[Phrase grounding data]
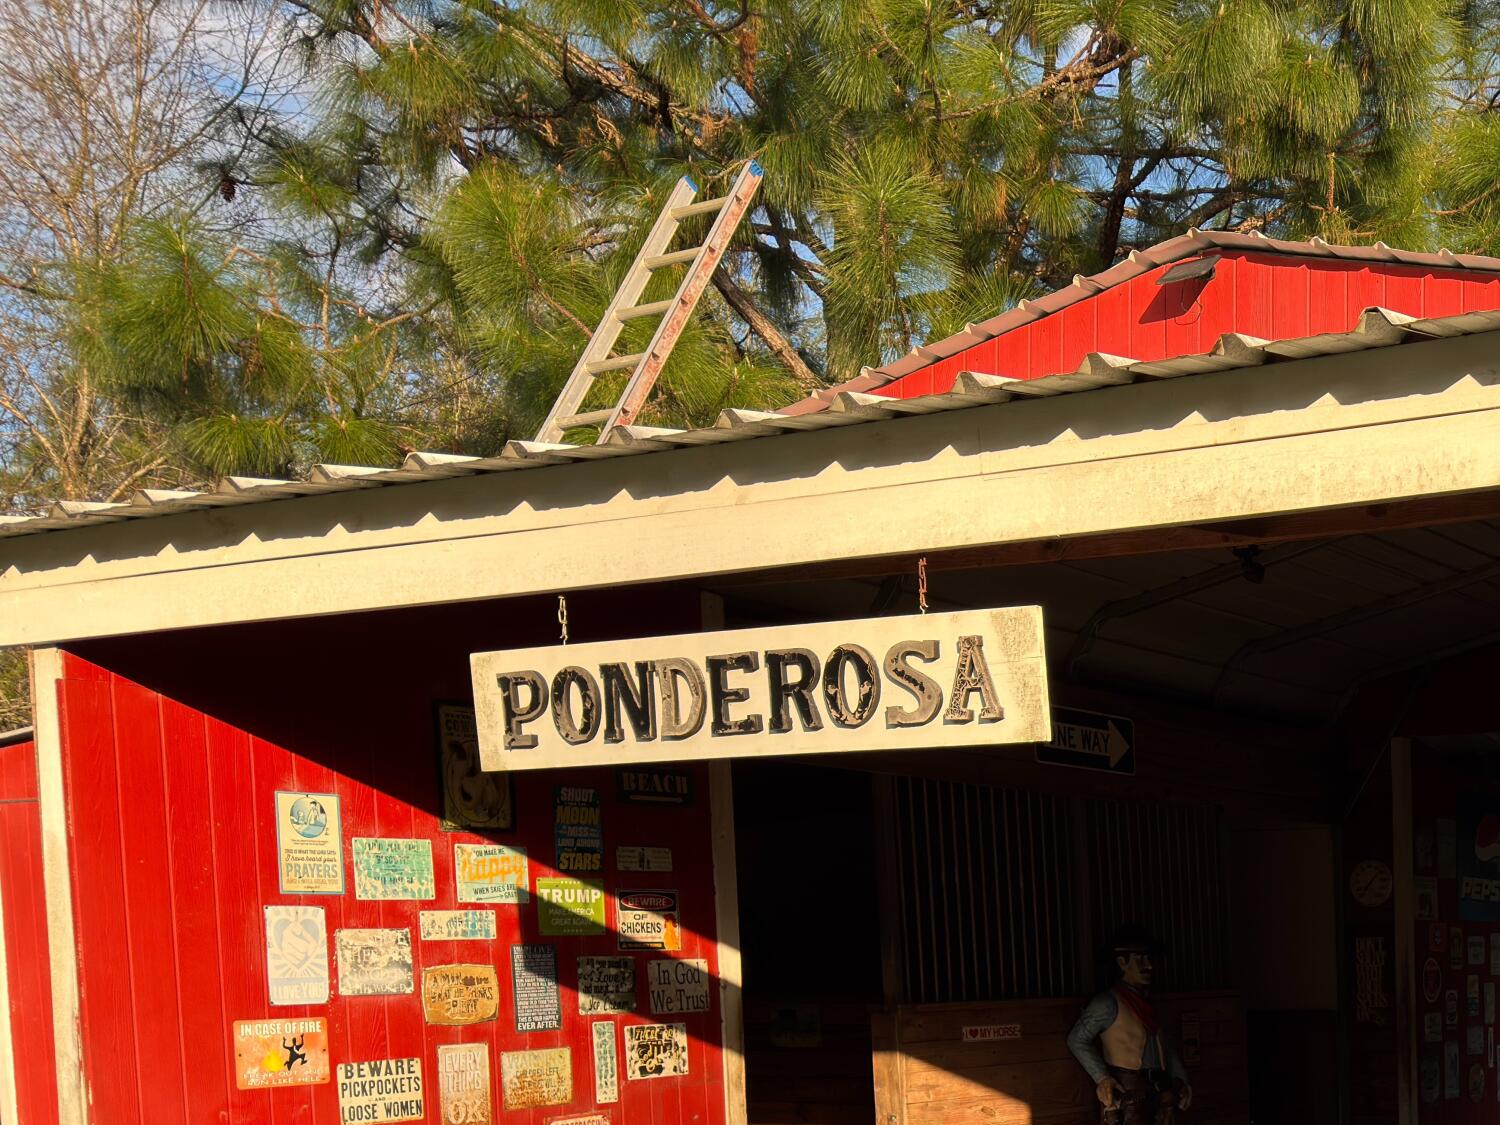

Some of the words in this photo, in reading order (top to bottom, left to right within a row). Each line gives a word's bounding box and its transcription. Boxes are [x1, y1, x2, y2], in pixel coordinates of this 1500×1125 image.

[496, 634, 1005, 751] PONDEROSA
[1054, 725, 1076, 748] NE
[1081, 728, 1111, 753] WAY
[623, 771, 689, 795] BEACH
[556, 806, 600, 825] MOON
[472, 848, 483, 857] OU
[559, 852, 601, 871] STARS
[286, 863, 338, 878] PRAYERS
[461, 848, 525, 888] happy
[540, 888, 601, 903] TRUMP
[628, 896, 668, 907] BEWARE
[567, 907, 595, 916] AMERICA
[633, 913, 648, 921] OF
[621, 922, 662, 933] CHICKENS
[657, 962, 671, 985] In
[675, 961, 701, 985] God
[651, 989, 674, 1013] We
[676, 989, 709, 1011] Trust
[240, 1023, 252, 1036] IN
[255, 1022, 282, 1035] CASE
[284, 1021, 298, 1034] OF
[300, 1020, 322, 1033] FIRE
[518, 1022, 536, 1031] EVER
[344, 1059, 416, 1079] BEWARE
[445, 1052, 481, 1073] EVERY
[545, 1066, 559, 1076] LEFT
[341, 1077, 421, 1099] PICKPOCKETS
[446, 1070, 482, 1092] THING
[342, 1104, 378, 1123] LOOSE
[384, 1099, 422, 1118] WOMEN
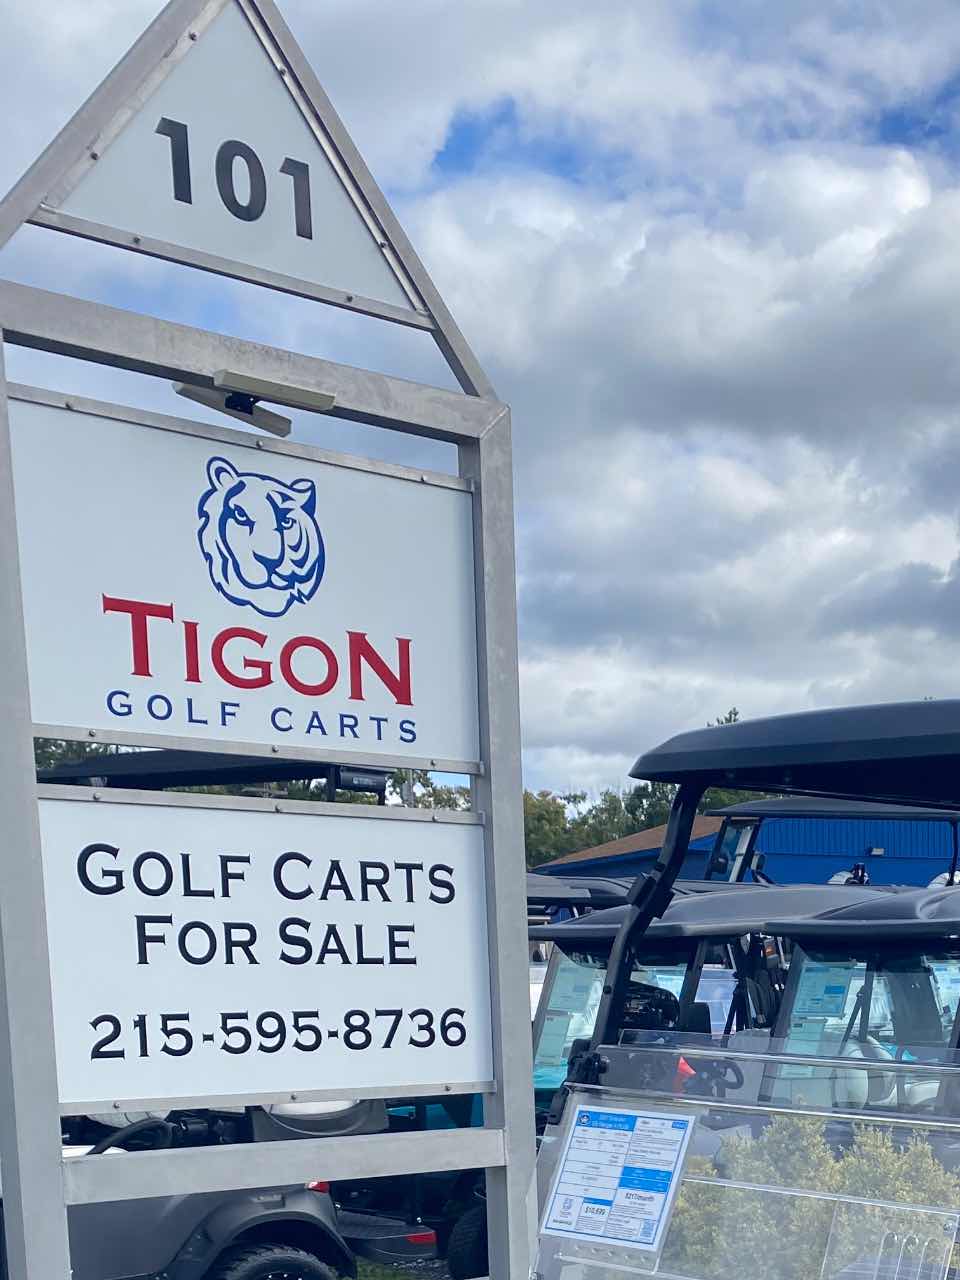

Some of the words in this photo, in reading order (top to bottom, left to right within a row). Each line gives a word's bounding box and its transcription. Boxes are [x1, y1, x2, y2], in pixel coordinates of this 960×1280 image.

▶ _Assignment_
When you repeat the records, reproduce each line exactly and drop the images.

▶ _The completed task_
Some of the words in this photo, in reading order (top to bottom, left to right within a row). Each line gives a word's bounding box and its transcription. Boxes are [x1, y1, x2, y2], in pixel coordinates of this 1500×1125 image.

[496, 634, 1005, 751] PONDEROSA
[1054, 725, 1076, 748] NE
[1081, 728, 1111, 753] WAY
[623, 771, 689, 795] BEACH
[556, 806, 600, 825] MOON
[472, 848, 483, 857] OU
[559, 852, 601, 871] STARS
[286, 863, 338, 878] PRAYERS
[461, 848, 525, 888] happy
[540, 888, 601, 903] TRUMP
[628, 896, 668, 907] BEWARE
[567, 907, 595, 916] AMERICA
[633, 913, 648, 921] OF
[621, 922, 662, 933] CHICKENS
[657, 962, 671, 985] In
[675, 961, 701, 985] God
[651, 989, 674, 1013] We
[676, 989, 709, 1011] Trust
[240, 1023, 252, 1036] IN
[255, 1022, 282, 1035] CASE
[284, 1021, 298, 1034] OF
[300, 1020, 322, 1033] FIRE
[518, 1022, 536, 1031] EVER
[344, 1059, 416, 1079] BEWARE
[445, 1052, 481, 1073] EVERY
[545, 1066, 559, 1076] LEFT
[341, 1077, 421, 1099] PICKPOCKETS
[446, 1070, 482, 1092] THING
[342, 1104, 378, 1123] LOOSE
[384, 1099, 422, 1118] WOMEN

Some of the words in this photo, in reading order (top to bottom, left to right within a row). Each line gives a word's bounding box and its transcription. Boxes are [x1, y1, x2, y2], in pixel coordinates of this 960×1280 image.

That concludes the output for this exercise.